The first alternative I can think of is a variety of thick and wide, transparent packing tape. In my country they sell "Gorilla tape". It's really thicker than regular and you can get a roll that is 3 inches wide. I have not tried in that specific type of repair, but to protect a label I had made on a ceramic coffee cup and that piece of tape withstood frequent washing and microwaving no problem at all. (Actually the mug got broken due to a fall before the tape shown any damage). You would just need to clean and dry the plastic before applying the tape.

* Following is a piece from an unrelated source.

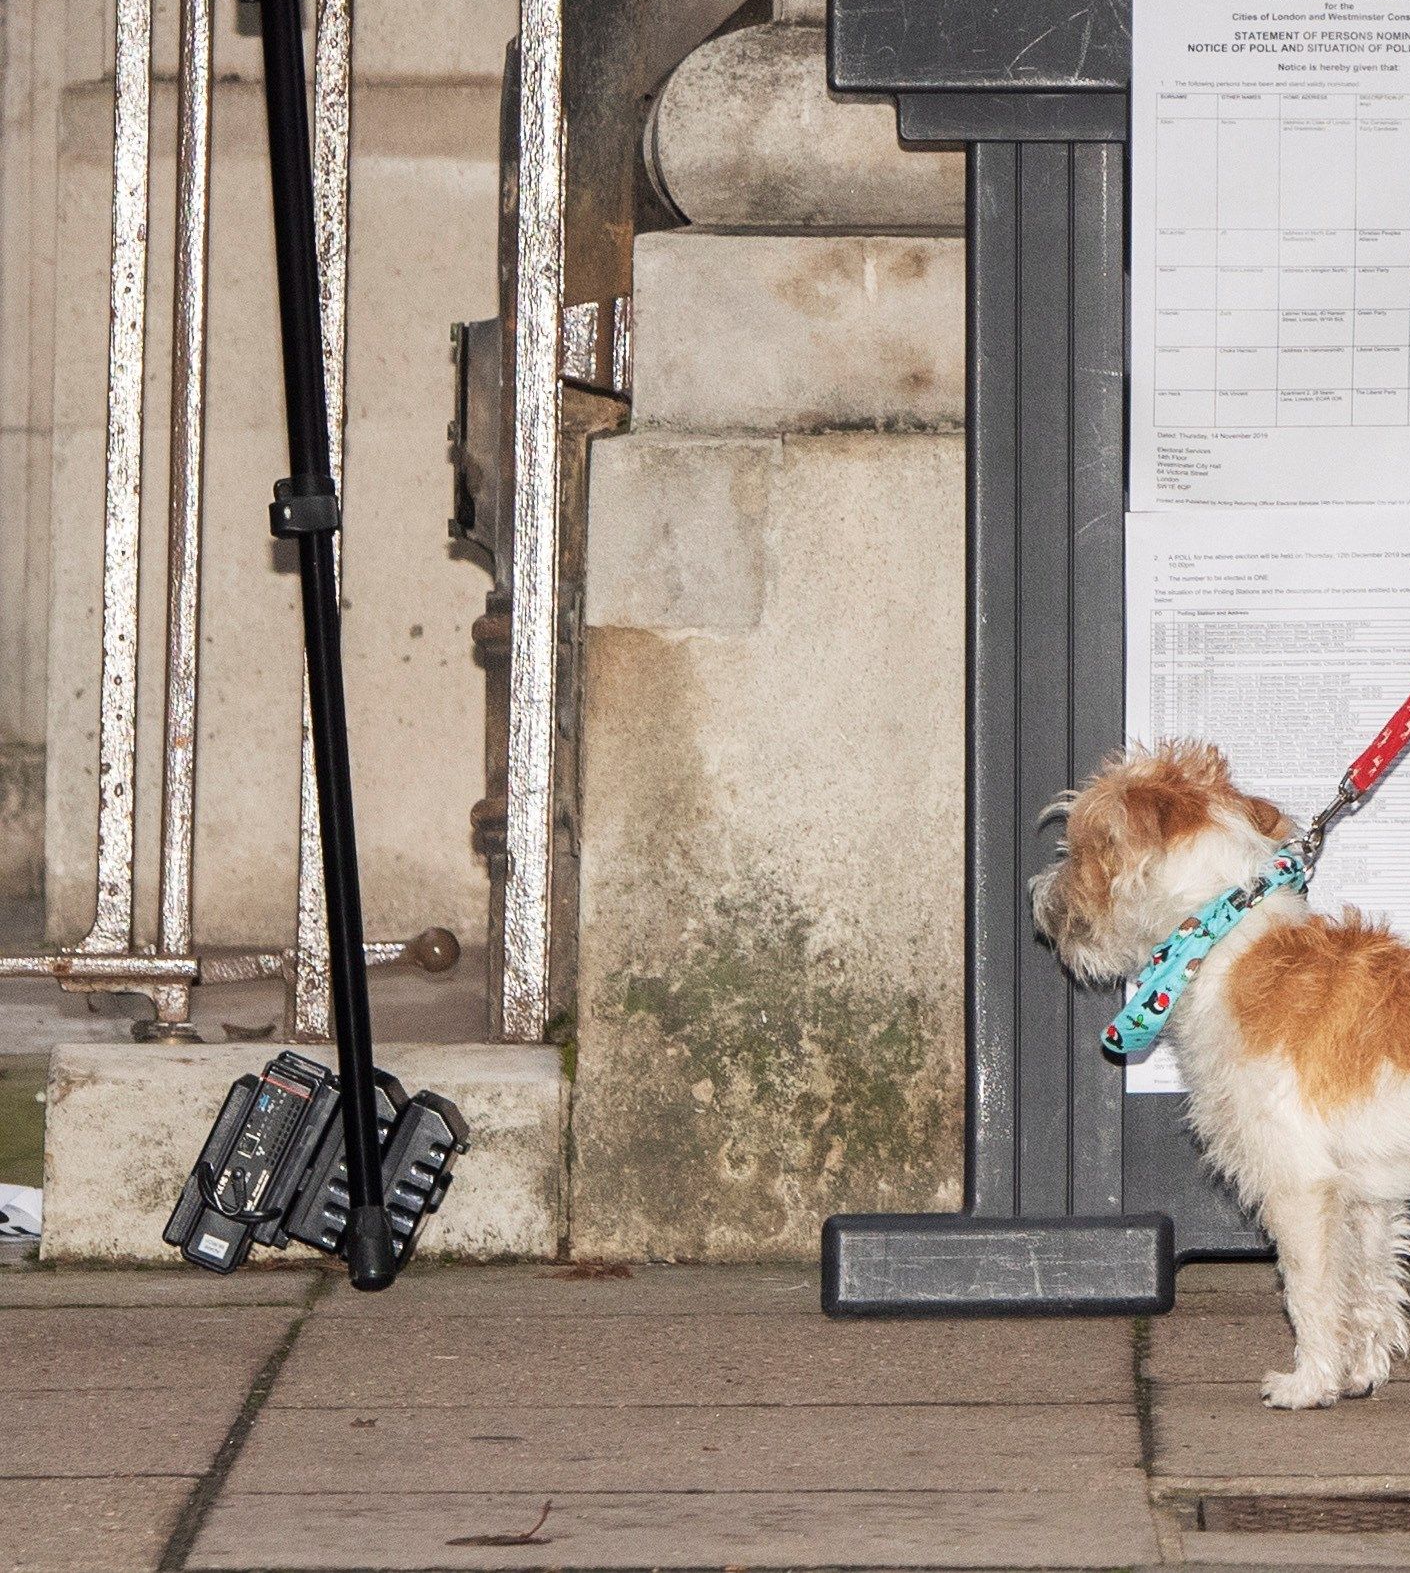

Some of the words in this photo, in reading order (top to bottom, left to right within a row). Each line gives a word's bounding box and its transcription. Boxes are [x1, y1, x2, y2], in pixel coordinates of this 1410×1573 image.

(Edit: For anyone not in the USA, like me, special tapes like the repair tape mentioned by @ChrisH may not be available locally, or may be not popularly known by that name. Here they some times sell specialty tapes, often unbranded or generic but due to similarity, they are located in the same aisle than regular packing tape. For example, clear, fiberglass reinforced tape is available, but you have to personally look for it, since the store clerk may not know it by name. The tape I mention is indeed way thicker than regular packing tape, it would be overkill unless your'e sealing a really big box with heavy contens.)

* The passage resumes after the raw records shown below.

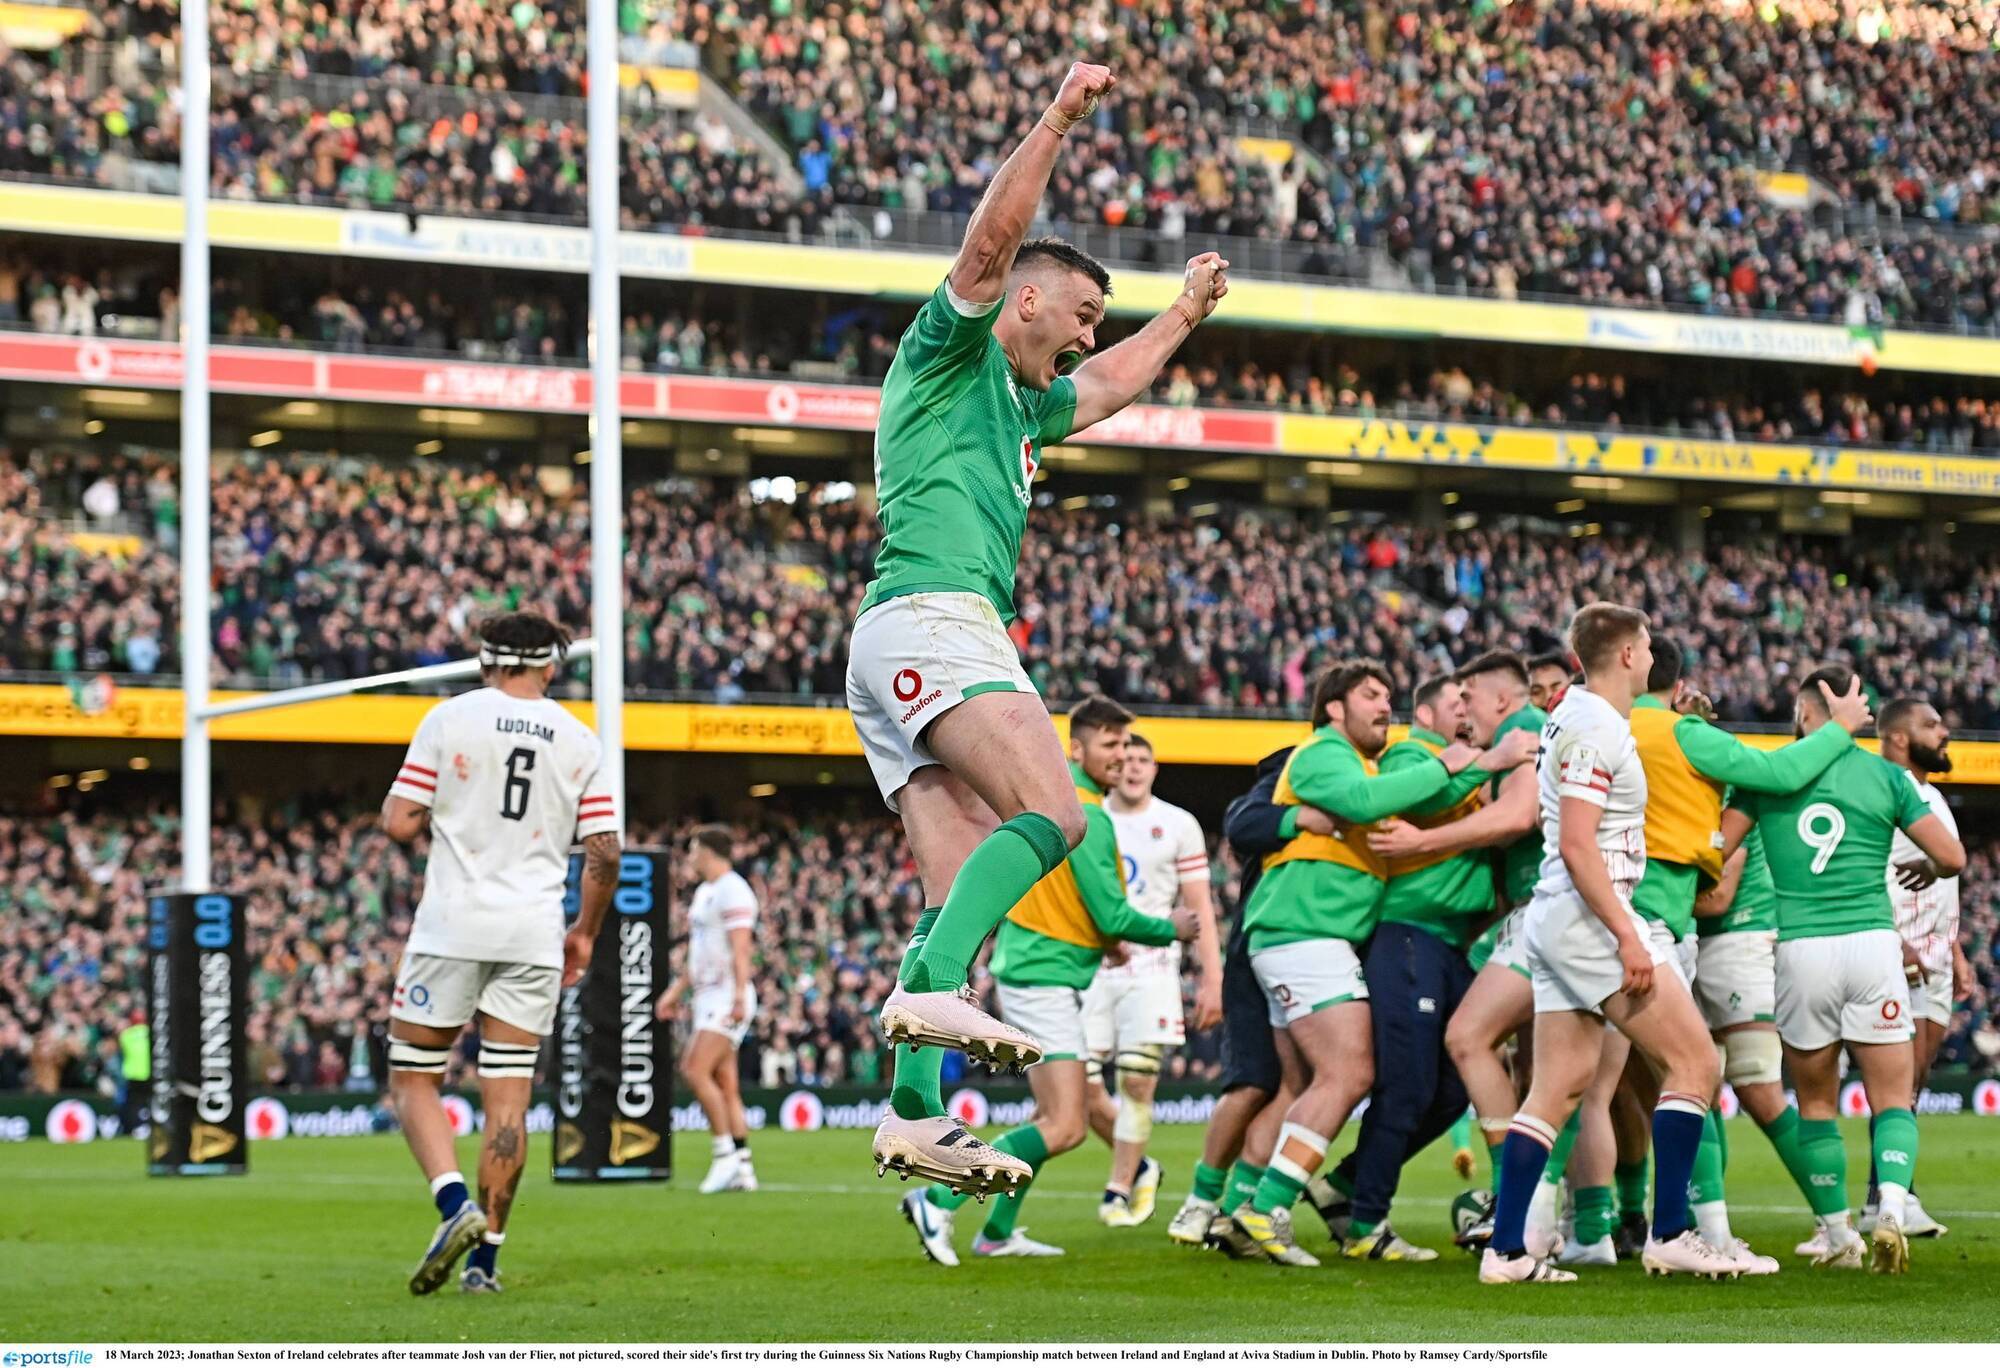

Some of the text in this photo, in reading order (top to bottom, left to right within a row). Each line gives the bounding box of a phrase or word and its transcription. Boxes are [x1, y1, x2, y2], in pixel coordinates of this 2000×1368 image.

[1672, 443, 1755, 471] AVIVA
[1857, 458, 1922, 483] Home
[900, 688, 943, 725] vodafone
[496, 717, 555, 743] LUDLAM
[499, 747, 536, 822] 6
[1797, 802, 1846, 876] 9
[616, 920, 653, 1119] GUINNESS

Second: Here it is very common to use a piece of transparent plastic on top of the table cloth in order to prevent food and beverage spills from staining it. It is sold in some hardware stores and plastic item stores. It is available In various thicknesses. You may be able to buy a yard of the material (for relatively cheap) and sew a whole new window. (replace the whole transparent piece by a new one). Sewn plastic can be rainproof for light rain, just use a needle that is thinner than the thread.
Another source for transparent (or not) plastic is a shower curtain or a rain cape. Those kind of items are easily available on supermarkets and "dollar stores". You may be able to get a color that even works better for you in terms of aesthetics/visibility. For example, if that where me, Id use a thick yellow raincoat.
Since you need a small piece of fabric, you may re use an old or damaged one.
A third option is the kind of patch that are sold for inflatable pools and pool toys. Those are light, flexible and usually come with a suitable adhesive. Since they are airtight when applied correctly, they should be waterproof. Such items can be bought cheaply when off season. I once patched the inflatable ring of a large pool that was later "abandoned" in the patio for somewhat longer than a year. The patch did resist very well even under tropical sun. It certainly lasted until the pool ruptured somewhere else.